Supplied material:
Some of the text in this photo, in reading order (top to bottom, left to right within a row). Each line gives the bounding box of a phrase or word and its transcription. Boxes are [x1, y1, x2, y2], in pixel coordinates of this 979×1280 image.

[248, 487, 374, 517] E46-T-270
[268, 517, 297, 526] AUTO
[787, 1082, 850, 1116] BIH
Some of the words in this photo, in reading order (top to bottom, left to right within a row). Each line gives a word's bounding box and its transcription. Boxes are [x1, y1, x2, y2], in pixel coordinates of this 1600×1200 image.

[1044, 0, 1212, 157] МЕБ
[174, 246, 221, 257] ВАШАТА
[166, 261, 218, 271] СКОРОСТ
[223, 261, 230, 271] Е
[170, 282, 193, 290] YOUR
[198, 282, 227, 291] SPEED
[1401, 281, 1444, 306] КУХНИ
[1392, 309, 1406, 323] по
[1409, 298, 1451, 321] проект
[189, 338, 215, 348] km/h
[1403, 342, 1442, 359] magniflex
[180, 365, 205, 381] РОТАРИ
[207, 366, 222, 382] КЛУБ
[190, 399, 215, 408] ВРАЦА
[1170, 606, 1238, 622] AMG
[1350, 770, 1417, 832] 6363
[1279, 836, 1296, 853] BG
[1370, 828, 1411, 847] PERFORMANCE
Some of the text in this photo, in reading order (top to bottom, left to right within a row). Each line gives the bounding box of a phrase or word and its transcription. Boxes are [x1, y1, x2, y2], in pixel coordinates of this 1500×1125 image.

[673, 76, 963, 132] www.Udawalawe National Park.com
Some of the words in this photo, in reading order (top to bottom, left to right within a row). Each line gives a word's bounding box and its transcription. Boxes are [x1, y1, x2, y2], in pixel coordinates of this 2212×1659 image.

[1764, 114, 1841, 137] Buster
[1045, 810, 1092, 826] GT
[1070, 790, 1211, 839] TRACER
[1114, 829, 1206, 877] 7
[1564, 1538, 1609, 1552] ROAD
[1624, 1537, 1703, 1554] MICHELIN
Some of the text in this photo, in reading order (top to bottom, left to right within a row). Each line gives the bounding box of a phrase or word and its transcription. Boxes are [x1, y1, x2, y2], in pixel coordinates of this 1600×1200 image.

Directions for this task:
Keeping each line exactly as it is, retype all of the data.

Written response:
Some of the text in this photo, in reading order (top to bottom, left to right within a row). Each line gives the bounding box of a phrase or word and its transcription. Boxes are [x1, y1, x2, y2], in pixel coordinates of this 979×1280 image.

[248, 487, 374, 517] E46-T-270
[268, 517, 297, 526] AUTO
[787, 1082, 850, 1116] BIH
Some of the words in this photo, in reading order (top to bottom, left to right within a row). Each line gives a word's bounding box and its transcription. Boxes are [x1, y1, x2, y2], in pixel coordinates of this 1600×1200 image.

[1044, 0, 1212, 157] МЕБ
[174, 246, 221, 257] ВАШАТА
[166, 261, 218, 271] СКОРОСТ
[223, 261, 230, 271] Е
[170, 282, 193, 290] YOUR
[198, 282, 227, 291] SPEED
[1401, 281, 1444, 306] КУХНИ
[1392, 309, 1406, 323] по
[1409, 298, 1451, 321] проект
[189, 338, 215, 348] km/h
[1403, 342, 1442, 359] magniflex
[180, 365, 205, 381] РОТАРИ
[207, 366, 222, 382] КЛУБ
[190, 399, 215, 408] ВРАЦА
[1170, 606, 1238, 622] AMG
[1350, 770, 1417, 832] 6363
[1279, 836, 1296, 853] BG
[1370, 828, 1411, 847] PERFORMANCE
Some of the text in this photo, in reading order (top to bottom, left to right within a row). Each line gives the bounding box of a phrase or word and its transcription. Boxes are [x1, y1, x2, y2], in pixel coordinates of this 1500×1125 image.

[673, 76, 963, 132] www.Udawalawe National Park.com
Some of the words in this photo, in reading order (top to bottom, left to right within a row). Each line gives a word's bounding box and its transcription. Boxes are [x1, y1, x2, y2], in pixel coordinates of this 2212×1659 image.

[1764, 114, 1841, 137] Buster
[1045, 810, 1092, 826] GT
[1070, 790, 1211, 839] TRACER
[1114, 829, 1206, 877] 7
[1564, 1538, 1609, 1552] ROAD
[1624, 1537, 1703, 1554] MICHELIN
Some of the text in this photo, in reading order (top to bottom, left to right within a row). Each line gives the bounding box of a phrase or word and its transcription. Boxes are [x1, y1, x2, y2], in pixel coordinates of this 1600×1200 image.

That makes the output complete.